Background information
- Also known as: Jimi Pääkallo
- Born: Konstantinos Jorma Hiekkanen 31 December 1981 (age 44) Finland
- Genres: Rock; pop rock; pop;
- Occupation: Musician
- Instruments: Vocals; guitar;
- Years active: 1998—present
- Labels: Helsinkirecords; HMC;
- Formerly of: Tyrävyö; Cliché; Technicolour;

= Jimi Constantine =

Finnish musician and actor (born 1981)

Jimi Constantine (born Konstantinos Jorma Hiekkanen, 31 December 1981) is a Finnish musician and actor. He was previously the vocalist and guitarist of the band Technicolour and has also played with the bands Tyrävyö, Cliché, and Kalle Päätalo. His previous artist name was Jimi Pääkallo. Constantine is also an actor, having appeared in the films A Long Hot Summer (1999), Pearls and Pigs (2003), and 8 Days to Premiere (2008), as well as the TV series Kallio (2010) and Salatut elämät (2000 & 2011).

In 2008, Constantine participated in the Tanssii tähtien kanssa, Finland's version of the British show Strictly Come Dancing, and Suomen Pelkokerroin, the Finnish version of Fear Factor.

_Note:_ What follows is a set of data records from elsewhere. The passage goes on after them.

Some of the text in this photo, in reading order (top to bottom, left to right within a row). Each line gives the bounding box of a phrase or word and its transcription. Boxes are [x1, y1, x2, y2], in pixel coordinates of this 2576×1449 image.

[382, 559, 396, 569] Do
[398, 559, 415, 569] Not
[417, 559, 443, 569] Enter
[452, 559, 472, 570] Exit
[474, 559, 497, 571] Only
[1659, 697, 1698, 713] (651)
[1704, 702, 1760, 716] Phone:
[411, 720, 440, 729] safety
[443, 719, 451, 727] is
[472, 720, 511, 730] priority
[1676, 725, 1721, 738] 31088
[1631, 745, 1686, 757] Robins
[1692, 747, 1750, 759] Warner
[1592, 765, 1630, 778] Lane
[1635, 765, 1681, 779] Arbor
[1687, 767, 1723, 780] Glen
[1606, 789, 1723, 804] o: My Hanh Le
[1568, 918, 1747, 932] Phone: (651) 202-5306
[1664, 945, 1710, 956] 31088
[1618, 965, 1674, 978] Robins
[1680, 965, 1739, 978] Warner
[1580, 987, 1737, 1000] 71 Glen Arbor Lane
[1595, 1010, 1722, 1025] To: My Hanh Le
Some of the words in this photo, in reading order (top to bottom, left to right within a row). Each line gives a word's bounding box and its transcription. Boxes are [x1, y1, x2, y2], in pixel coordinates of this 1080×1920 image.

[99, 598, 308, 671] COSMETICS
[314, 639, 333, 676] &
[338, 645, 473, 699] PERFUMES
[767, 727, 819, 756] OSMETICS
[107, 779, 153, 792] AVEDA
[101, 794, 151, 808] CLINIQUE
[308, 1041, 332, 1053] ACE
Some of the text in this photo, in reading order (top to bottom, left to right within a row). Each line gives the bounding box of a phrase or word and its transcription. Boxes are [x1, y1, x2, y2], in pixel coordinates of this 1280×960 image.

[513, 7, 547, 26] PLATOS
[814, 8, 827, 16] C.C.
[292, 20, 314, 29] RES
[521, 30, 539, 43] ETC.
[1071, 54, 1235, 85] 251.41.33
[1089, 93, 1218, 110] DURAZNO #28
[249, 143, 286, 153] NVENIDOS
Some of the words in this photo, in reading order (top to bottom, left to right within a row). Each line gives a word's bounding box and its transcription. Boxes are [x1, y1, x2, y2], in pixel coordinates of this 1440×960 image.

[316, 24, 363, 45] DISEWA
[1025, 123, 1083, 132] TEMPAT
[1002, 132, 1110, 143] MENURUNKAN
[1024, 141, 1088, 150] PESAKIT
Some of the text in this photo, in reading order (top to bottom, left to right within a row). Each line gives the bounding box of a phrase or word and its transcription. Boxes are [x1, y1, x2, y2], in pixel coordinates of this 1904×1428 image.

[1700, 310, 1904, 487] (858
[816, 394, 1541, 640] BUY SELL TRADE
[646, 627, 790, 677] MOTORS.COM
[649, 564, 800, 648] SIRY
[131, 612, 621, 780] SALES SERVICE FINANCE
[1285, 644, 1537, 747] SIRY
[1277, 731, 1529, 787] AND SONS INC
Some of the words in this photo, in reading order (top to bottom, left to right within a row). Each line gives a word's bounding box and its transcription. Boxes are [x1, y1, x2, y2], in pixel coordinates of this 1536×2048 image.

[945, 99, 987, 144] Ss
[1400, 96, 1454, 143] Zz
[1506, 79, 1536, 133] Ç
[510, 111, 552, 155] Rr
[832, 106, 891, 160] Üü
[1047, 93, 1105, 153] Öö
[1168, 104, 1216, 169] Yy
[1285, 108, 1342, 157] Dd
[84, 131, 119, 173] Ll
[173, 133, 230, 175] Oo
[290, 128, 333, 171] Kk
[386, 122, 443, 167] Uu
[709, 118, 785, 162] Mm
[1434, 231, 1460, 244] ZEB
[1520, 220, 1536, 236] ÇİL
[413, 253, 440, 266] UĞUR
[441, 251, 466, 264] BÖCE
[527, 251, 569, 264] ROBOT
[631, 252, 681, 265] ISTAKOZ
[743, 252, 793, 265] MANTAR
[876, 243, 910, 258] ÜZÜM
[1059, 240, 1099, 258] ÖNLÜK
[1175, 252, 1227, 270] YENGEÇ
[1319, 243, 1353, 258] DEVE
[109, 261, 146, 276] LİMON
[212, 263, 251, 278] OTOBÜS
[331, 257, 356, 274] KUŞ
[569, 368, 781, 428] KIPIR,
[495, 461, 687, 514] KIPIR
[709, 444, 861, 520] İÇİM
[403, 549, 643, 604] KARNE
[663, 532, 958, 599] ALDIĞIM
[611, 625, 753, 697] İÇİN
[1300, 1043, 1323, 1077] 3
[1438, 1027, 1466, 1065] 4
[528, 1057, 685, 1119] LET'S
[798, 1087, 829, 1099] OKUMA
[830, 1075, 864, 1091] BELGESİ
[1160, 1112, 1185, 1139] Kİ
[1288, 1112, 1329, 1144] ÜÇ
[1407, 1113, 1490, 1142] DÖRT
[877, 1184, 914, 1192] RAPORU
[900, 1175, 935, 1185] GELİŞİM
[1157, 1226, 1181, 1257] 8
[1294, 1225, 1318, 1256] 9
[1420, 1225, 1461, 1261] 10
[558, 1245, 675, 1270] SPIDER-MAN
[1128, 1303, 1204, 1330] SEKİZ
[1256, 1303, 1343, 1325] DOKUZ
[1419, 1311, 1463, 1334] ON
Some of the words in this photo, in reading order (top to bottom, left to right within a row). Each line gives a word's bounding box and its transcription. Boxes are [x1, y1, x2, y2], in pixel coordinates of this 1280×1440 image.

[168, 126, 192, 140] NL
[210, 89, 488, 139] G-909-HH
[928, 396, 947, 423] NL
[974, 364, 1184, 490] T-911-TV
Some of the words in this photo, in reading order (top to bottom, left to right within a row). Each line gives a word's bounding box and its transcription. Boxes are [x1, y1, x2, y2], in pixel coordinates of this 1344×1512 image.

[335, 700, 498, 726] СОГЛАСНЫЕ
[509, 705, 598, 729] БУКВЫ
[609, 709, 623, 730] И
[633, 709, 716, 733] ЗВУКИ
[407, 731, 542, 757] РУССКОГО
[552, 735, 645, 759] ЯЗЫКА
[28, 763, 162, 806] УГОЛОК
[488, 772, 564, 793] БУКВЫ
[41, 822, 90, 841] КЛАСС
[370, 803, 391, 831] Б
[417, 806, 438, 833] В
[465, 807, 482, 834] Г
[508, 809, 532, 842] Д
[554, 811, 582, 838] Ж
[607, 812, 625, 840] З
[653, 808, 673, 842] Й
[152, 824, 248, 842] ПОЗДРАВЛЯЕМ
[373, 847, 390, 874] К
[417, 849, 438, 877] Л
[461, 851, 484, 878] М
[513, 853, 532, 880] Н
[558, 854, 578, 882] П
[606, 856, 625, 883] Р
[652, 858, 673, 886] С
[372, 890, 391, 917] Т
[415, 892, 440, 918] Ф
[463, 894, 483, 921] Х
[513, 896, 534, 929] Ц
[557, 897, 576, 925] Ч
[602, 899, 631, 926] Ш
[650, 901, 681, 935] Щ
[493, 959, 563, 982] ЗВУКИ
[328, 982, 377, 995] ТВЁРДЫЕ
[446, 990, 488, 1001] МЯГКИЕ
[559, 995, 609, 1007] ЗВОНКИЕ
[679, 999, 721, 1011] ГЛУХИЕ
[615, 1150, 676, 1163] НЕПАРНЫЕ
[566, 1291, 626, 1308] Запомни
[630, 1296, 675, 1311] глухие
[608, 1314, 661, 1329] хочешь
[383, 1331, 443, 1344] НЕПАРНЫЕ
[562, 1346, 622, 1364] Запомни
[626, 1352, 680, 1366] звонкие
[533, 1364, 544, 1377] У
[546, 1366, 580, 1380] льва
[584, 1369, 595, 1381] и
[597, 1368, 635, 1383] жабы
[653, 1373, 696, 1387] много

He also took part in the 2011 Eurovision Song Contest with his song "Party to Party", but did not qualify.

==Discography==
===Solo===
Studio albums
- Elämä Suomessa (2017)

Singles
- "Dirty Cinderella" (2010)
- "Party to Party" (2010)
- "Beautiful Things" (2011)
- "Rakkauden Nimeen" (2017)

Other contributions
- Pearls and Pigs (2003)
- Kallio (2010)
- Uuden Musiikin Kilpailu (2016)
- Nieminen & Lahtinen Show (2016)
- Vain elämää (2017)
- Kingi (2018)

===Technicolour===
Studio albums
- Way Out (2003)
- Only Shadows Dance (2005)
- People (2006)

===Tyrävyö===
Studio albums
- Helminauha (1999)
- Tyrävyö (2001)
- Pelkoa, inhoa ja b-luokan elokuvaa (2002)
- Lähempänä pohjaa (2005)
- Elämänpaneeli (2015)

EPs
- Kavereita (1999)
- Uskoin niin (2002)

===Cliché===
Studio albums
- Twilightin (2000)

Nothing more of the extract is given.